Accordionists are rare birds these days. Like supermarkets, landlines and cash, they speak to me of a disappearing time. I first fell in love with its elegiac sound at the age of two, when my parents hired a dark and handsome accordionist to perform outdoors at a garden party. I was never sure if it was him or his miniature piano-like instrument I was crushing on, but watching him turn squeezed air into music was mesmerizing. Walking across Central Park on a moody November day, I found this contemplative performer perched near the angel fountain at Bethesda Terrace. His eyes were closed and he was lost in a contagious reverie. Soon, I’d caught it too.
Conduct, New York
You'd have to be very jaded or a retail atheist not to get excited by the visual artistry in New York City's holiday windows. Each year Barney's, Bergdorf Goodman, Bloomingdale's and Saks Fifth Avenue create bedazzling sidewalk displays that in my mind outperform the towering spectacle of the Rockefeller Center Christmas tree.

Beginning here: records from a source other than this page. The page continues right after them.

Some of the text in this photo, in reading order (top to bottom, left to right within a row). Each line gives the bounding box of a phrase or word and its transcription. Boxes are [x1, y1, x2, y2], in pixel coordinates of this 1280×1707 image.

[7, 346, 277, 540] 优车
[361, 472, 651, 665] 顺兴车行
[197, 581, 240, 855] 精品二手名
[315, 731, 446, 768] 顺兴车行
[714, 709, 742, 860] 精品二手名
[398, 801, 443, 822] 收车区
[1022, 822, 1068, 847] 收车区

Bergdorf's theatrical stage sets—perhaps due to the architectural scale of the actual window frames and the bottomless talent of visual director David Hoey—are usually my favorite. This year's BG masterpiece windows (slideshow here) are no exception. Fanciful, elaborate and technically superb, they celebrate the city's great cultural institutions like The New York Philharmonic, above.

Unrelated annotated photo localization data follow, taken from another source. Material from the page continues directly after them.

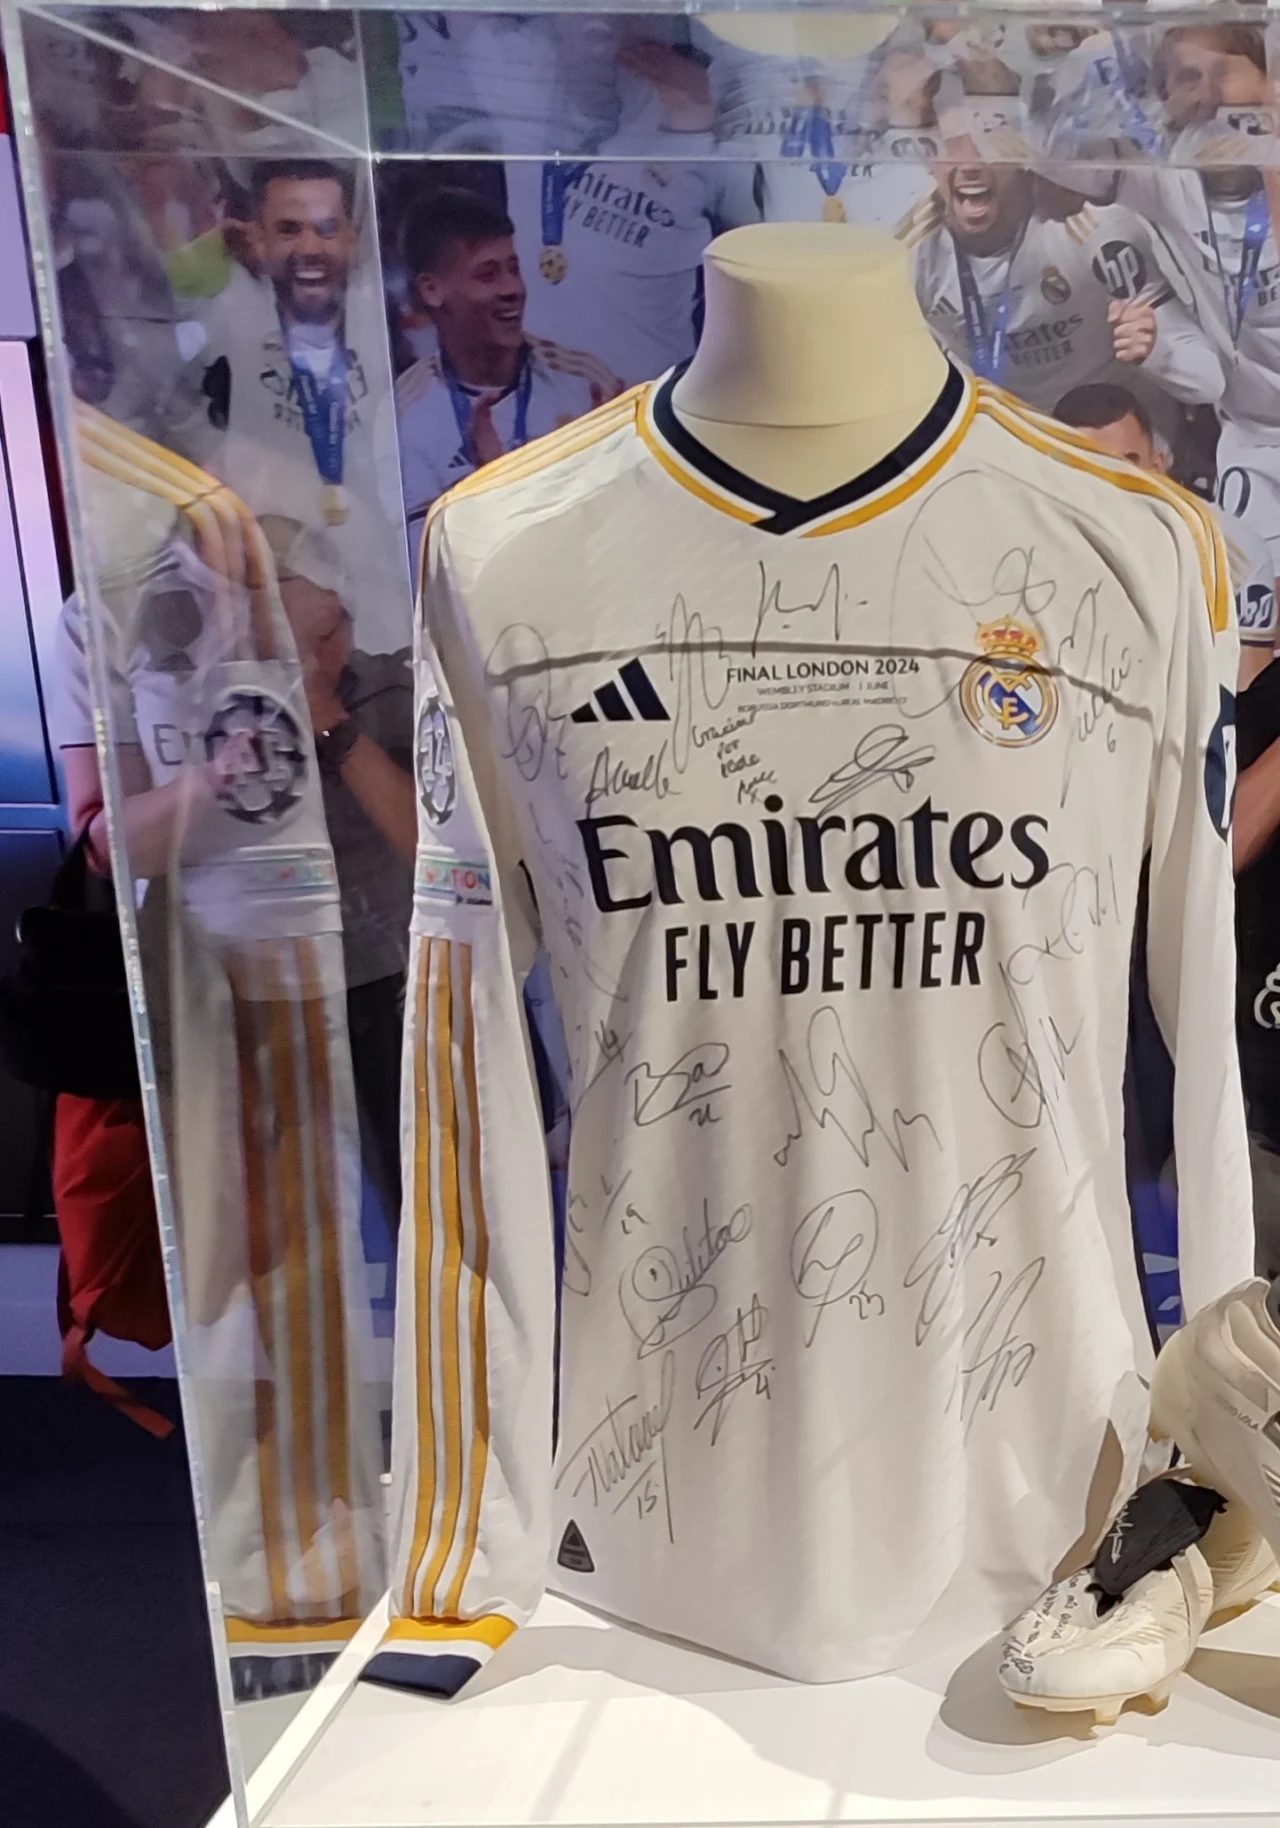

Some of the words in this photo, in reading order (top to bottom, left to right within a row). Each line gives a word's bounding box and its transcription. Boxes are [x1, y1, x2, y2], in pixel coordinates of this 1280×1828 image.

[1093, 243, 1141, 302] hp
[727, 664, 782, 683] FINAL
[786, 660, 869, 679] LONDON
[874, 658, 920, 675] 2024
[757, 683, 805, 696] WEMBLEY
[807, 682, 850, 694] STADIUM
[577, 795, 1050, 912] Emirates
[665, 921, 756, 1002] FLY
[781, 911, 986, 995] BETTER

In the window, a cascade of neon instruments light up in sequence and crescendo visually to full blast. Prismatic perspective shows how symphonic music pours out, around, and over you. A flamboyant and flame-haired conductor ignites the scene with back turned and arms raised. My secret fantasy is that as she conducts, she shatters something—not the window—but the notorious gendered glass ceiling of most of the world's great symphony orchestras.

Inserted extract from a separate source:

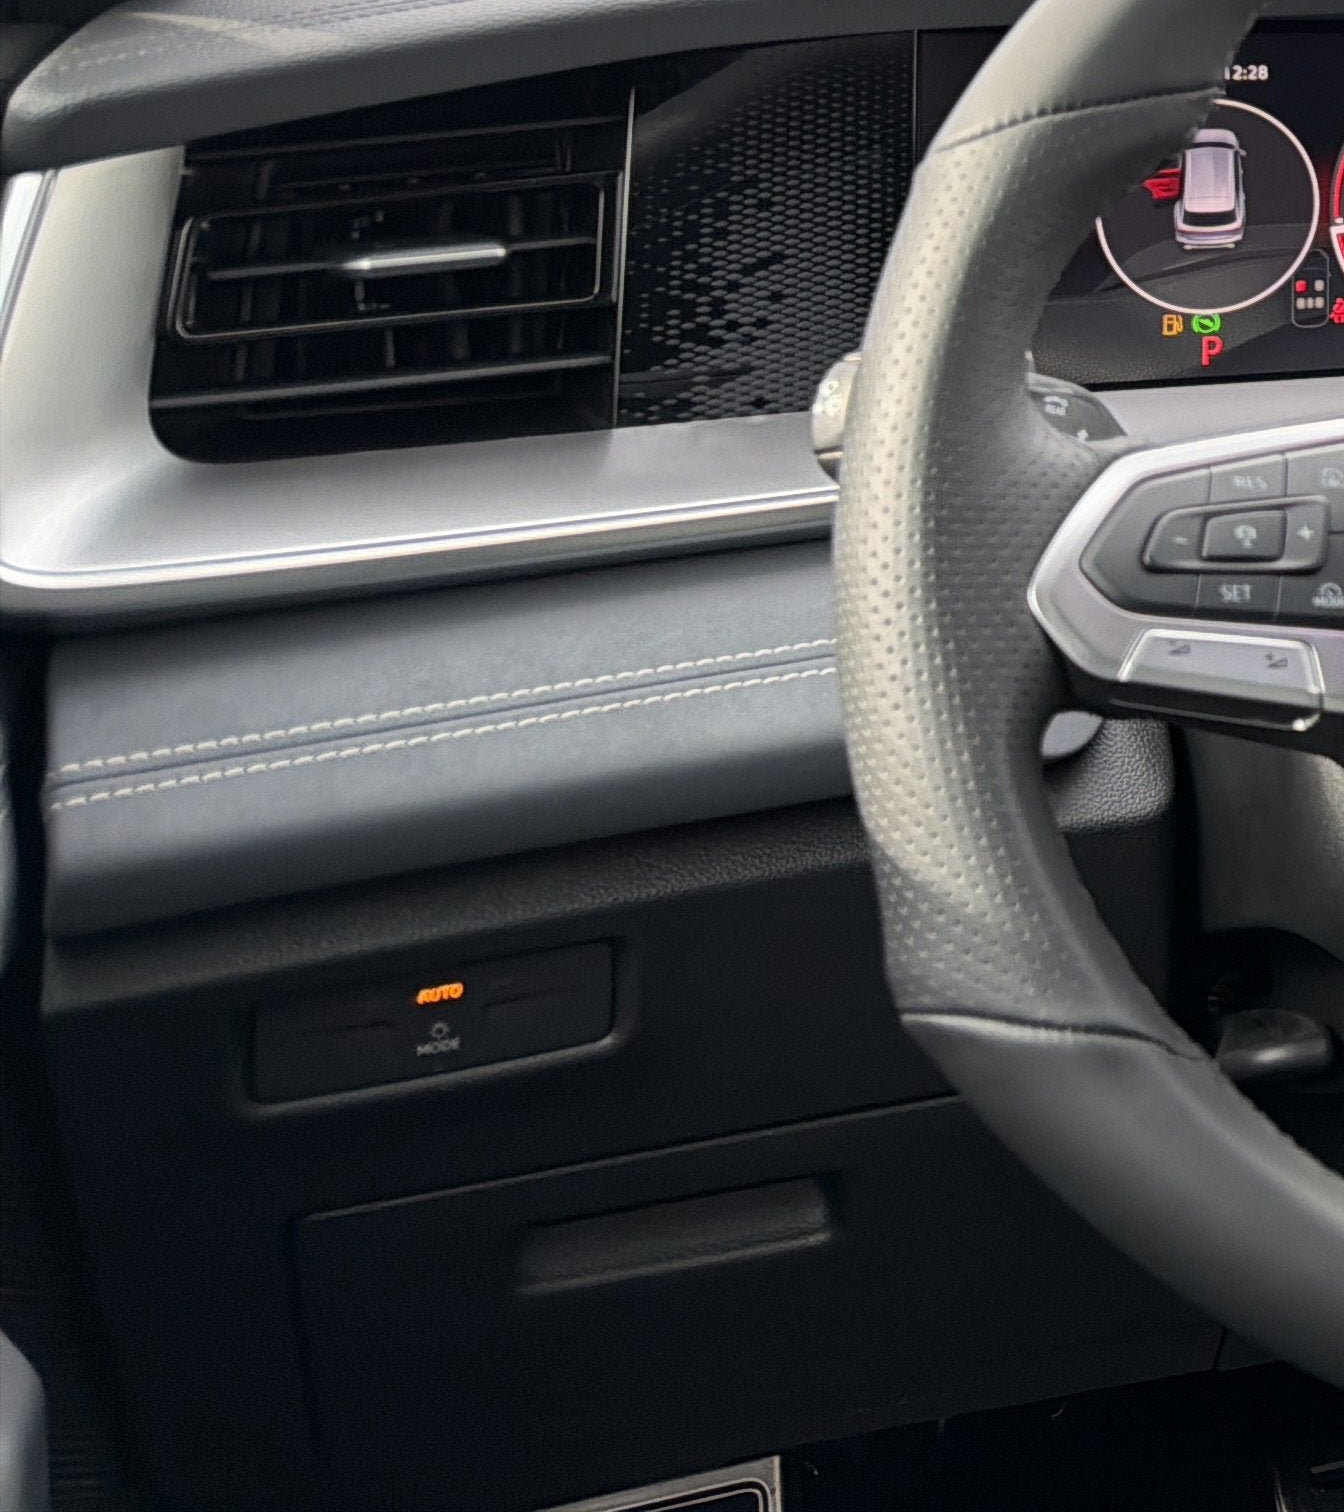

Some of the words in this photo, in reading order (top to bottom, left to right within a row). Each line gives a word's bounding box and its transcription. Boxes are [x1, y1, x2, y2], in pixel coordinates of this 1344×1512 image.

[1201, 336, 1224, 366] P
[1218, 583, 1253, 603] SET
[416, 981, 465, 1006] AUTO
[416, 1036, 461, 1057] MODE

What's that sound you hear? It's a #metoo army of stiletto heels grinding glass shards into grains of sand. Applause, please.
Underdone Music
If we could order music like steak, I'd say "make mine underdone please." I love Beyoncé as much as the next person, but in this era of hit song science I feel like some top ten music feels like it rolled right off a conveyor belt. Lately, I've been listening to two really fresh female musician-composers whose work feels personal and immediate to me.
The first, Amy Lynne Johnson, told me she recorded her digital piano album, "Piano Poetry: Peace To You" from a midnight inspiration. These dreamlike, flowing compositions came to her during sleep like a message to deliver. Despite her lack of formal training, she decided to put them right out there and recorded what she heard in a studio with a friend. Listening to her I feel like I'm in a downtown loft with that effortlessly talented friend who just sat down and started improvising the coolest, chill New Agey stuff ever. I guarantee her selection of unique piano poems will help keep your anxiety clouds at bay.
I'm also newly addicted to the utterly enchanting Swedish-Icelandic artist Hannah Mia. I first heard her sultry voice and album, "Out of Water (feat. The Northern Taylor Squad)," while driving in a van around Iceland's volcanic landscape. Her album is totally homegrown and, in addition to her original compositions, showcases the moody wind and strings talent of European musical conservatory students who pitched in to help her. Her new single, "In This Together," is a grand call to stand up to bigotry. When I listen to "The White Beast," I get shivers. I'm certain she's singing about a mythical version of a water-spiriting Nix (see post Sept. 8, 2016). Her voice is full of yearning and sadness and immediacy. You'll feel like you're in the front row of the coolest late-night jazz club ever.